Al fianco di Taron troviamo alcuni comprimari come la principessa Ailin (Eilonwy), il menestrello Sospirello (Fflewddur Fflam) o il bizzarro Gurgi, spalla comica del film, la cui specie rimane poco chiara. Durante il suo cammino il gruppo andrà incontro a situazioni pericolose e si imbatterà in creature magiche di ogni tipo: una maialina-oracolo, tre inaffidabili streghe affariste e persino un popolo di folletti, che richiamano un po' i Puffi (Les Schtroumpfs) di Peyo. Tutti questi elementi contribuiscono ad arricchire e a rendere suggestivo lo scenario, ma sotto il profilo mitologico il film rimane sul vago e la storia del regno di Prydain non viene mai davvero approfondita. Sebbene per gli standard cinematografici dell'epoca queste omissioni fossero poco accettabili, al giorno d'oggi il cinema d'animazione ha conosciuto modelli fiabeschi molto differenti (tra cui la narrativa “sensuale” di Hayao Miyazaki) che fanno della reticenza uno dei loro punti chiave.

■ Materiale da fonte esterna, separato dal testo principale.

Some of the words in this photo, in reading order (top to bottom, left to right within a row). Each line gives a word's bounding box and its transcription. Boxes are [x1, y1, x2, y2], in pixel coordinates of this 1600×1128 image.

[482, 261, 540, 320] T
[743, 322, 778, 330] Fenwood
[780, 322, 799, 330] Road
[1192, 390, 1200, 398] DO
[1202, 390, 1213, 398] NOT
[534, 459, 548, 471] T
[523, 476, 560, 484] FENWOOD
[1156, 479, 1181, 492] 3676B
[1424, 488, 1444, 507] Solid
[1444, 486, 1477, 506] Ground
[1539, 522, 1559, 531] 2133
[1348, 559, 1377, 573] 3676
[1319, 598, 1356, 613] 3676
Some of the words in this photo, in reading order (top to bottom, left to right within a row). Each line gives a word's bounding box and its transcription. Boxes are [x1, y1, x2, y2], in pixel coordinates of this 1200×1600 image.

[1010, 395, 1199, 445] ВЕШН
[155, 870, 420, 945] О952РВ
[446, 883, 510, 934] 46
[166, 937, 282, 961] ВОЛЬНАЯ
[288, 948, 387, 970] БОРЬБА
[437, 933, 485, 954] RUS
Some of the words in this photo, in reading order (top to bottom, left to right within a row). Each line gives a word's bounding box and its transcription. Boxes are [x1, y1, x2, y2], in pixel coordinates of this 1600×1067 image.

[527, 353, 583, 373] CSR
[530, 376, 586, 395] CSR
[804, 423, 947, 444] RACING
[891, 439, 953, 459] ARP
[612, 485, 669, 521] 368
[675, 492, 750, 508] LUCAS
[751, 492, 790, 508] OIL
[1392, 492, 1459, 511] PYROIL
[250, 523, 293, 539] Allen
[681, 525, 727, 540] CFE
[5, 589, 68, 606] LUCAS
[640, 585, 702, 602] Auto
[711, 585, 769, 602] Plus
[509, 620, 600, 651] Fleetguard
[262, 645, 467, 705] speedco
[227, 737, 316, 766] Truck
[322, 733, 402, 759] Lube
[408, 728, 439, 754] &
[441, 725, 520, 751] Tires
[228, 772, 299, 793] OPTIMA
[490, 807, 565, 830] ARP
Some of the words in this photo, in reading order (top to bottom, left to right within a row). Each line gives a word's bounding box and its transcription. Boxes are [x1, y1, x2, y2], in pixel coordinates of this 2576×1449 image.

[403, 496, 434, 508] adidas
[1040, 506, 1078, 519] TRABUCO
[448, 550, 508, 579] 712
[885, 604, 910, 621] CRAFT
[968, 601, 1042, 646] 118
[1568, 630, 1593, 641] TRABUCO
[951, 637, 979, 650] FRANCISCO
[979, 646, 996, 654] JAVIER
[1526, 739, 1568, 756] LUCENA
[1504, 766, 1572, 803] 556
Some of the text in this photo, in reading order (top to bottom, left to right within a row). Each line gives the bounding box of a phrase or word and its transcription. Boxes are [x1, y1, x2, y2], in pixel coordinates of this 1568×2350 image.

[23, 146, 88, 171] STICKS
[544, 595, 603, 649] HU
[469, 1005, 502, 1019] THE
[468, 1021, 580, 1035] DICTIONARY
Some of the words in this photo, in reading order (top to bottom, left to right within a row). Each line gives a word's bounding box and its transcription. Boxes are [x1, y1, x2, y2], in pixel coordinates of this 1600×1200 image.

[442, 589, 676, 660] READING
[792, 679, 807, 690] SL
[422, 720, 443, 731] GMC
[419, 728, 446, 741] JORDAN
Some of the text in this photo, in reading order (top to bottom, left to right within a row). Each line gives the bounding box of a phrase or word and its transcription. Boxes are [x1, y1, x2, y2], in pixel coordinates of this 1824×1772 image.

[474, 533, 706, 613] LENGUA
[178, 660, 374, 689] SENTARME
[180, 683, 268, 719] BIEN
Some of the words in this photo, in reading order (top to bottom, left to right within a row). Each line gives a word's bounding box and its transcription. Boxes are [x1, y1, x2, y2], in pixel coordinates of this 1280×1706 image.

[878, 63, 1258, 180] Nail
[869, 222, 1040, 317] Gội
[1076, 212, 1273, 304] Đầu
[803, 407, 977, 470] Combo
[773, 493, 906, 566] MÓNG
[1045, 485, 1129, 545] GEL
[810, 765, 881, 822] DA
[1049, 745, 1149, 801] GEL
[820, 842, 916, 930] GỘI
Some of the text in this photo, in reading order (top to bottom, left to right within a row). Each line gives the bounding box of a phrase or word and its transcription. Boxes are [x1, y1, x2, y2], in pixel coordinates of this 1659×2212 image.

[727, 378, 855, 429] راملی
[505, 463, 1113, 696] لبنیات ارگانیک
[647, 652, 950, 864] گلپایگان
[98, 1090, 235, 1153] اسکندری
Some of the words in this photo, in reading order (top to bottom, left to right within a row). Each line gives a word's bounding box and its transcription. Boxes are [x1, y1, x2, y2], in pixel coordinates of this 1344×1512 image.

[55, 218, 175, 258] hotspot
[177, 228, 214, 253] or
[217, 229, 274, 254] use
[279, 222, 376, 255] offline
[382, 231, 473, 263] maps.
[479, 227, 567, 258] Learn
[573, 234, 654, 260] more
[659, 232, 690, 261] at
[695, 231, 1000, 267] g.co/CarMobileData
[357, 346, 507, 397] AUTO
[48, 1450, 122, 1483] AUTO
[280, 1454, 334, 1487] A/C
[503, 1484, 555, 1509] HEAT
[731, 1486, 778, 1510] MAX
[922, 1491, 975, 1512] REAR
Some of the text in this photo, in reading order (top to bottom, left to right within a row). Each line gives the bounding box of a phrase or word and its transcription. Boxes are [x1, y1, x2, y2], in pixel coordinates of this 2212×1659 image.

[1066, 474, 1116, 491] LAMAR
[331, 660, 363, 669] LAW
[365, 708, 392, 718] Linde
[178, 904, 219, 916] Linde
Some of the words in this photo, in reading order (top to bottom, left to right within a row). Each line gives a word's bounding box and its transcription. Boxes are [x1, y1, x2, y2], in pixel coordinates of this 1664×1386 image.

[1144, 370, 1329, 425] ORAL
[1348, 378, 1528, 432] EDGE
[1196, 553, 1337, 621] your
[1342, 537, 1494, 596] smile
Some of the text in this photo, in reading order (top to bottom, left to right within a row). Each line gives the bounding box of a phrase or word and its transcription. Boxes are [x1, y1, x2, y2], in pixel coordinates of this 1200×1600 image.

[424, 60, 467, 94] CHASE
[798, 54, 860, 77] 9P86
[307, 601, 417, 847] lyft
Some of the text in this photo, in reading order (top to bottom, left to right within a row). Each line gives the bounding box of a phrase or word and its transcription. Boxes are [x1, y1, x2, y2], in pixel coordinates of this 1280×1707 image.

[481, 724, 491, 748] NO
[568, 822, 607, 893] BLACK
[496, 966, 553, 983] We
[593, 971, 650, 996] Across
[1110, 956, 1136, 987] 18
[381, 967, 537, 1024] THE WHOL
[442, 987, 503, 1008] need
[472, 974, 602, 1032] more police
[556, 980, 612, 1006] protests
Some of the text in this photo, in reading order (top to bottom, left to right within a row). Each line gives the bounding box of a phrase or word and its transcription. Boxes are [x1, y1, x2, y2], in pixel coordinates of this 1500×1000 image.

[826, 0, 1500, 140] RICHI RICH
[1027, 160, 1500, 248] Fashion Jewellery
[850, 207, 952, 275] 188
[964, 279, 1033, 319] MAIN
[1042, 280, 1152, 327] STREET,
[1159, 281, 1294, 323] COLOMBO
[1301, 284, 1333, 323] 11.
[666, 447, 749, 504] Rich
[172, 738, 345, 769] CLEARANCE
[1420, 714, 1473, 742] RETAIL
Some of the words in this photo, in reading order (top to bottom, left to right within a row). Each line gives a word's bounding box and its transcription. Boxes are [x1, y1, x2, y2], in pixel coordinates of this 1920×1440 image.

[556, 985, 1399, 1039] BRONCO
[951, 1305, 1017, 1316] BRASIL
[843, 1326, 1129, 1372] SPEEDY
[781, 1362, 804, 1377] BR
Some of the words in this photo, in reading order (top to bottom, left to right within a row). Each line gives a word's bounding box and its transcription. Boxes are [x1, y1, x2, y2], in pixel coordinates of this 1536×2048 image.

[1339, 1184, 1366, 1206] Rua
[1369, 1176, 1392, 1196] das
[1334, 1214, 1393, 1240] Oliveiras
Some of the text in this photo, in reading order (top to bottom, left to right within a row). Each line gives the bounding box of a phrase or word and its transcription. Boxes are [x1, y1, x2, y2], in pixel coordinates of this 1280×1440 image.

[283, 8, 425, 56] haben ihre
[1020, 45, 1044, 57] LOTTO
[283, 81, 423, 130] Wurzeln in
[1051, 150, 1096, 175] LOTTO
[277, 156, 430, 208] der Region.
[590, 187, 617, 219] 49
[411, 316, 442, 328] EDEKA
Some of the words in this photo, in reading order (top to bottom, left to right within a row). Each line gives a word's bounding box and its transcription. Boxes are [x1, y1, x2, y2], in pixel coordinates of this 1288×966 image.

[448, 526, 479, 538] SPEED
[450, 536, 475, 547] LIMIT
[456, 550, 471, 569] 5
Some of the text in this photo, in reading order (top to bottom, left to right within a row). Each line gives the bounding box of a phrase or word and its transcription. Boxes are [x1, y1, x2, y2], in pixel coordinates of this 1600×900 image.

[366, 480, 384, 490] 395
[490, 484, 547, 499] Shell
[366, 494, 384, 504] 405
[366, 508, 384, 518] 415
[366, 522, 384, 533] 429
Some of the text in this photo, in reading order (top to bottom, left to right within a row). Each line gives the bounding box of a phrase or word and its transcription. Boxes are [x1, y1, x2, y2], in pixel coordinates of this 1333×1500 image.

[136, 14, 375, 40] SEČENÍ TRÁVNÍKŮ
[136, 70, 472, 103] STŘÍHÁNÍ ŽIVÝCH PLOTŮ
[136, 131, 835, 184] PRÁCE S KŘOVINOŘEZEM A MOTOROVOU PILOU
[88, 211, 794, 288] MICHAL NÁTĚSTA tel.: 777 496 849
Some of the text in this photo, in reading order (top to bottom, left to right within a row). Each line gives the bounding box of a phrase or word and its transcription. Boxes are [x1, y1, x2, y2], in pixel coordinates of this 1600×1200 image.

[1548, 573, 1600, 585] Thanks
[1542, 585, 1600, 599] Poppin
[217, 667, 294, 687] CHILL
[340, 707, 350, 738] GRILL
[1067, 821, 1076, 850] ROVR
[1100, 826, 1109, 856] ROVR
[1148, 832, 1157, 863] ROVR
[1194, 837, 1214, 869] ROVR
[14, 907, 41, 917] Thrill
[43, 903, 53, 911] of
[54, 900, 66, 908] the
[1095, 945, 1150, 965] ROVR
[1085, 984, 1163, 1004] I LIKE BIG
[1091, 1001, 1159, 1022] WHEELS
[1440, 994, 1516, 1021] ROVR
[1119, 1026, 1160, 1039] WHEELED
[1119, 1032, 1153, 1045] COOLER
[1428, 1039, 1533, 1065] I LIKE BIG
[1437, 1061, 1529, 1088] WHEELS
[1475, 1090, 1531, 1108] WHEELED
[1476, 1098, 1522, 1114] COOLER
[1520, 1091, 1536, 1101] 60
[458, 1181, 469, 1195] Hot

I veri problemi di Taron e la Pentola Magica si riscontrano su tutt'altro piano, quello dei personaggi. Il film presenta alcune figure sicuramente incisive come il minaccioso Re Cornelius, e funzionano piuttosto bene anche i comprimari dall'aspetto più tipicamente “cartoon” come i folletti, le streghe, Gurgi e Rospus, il tirapiedi di Re Cornelius. Il terzetto di protagonisti umani però lascia molto a desiderare. Taron, Ailin e Sospirello sono figure piatte e poco interessanti, incapaci di evolvere in modo convincente. Solo Taron andrà incontro ad una leggera maturazione, ma sarà appena accennata e quindi del tutto insufficiente perché lo spettatore riesca davvero a connettersi emotivamente a lui. Uno dei problemi più grossi è probabilmente l'eccesso di zelo degli animatori, che hanno inutilmente appesantito la recitazione dei protagonisti, dandole troppa enfasi. Queste continue ridondanze danneggiano moltissimo gli scambi tra i personaggi, le cui reazioni risultano assolutamente esagerate rispetto all'effettivo contenuto dei dialoghi. In particolare Taron e Ailin interagiscono in modo assai poco credibile, drammatizzando ogni loro battibecco, con effetti involontariamente comici. L'effetto finale purtroppo è quello di trovarsi di fronte a degli stupidi, magagna che priva lo spettatore della possibilità di stabilire un contatto con la storia raccontata, e questo costituisce di fatto il motivo principale dell'insuccesso della pellicola.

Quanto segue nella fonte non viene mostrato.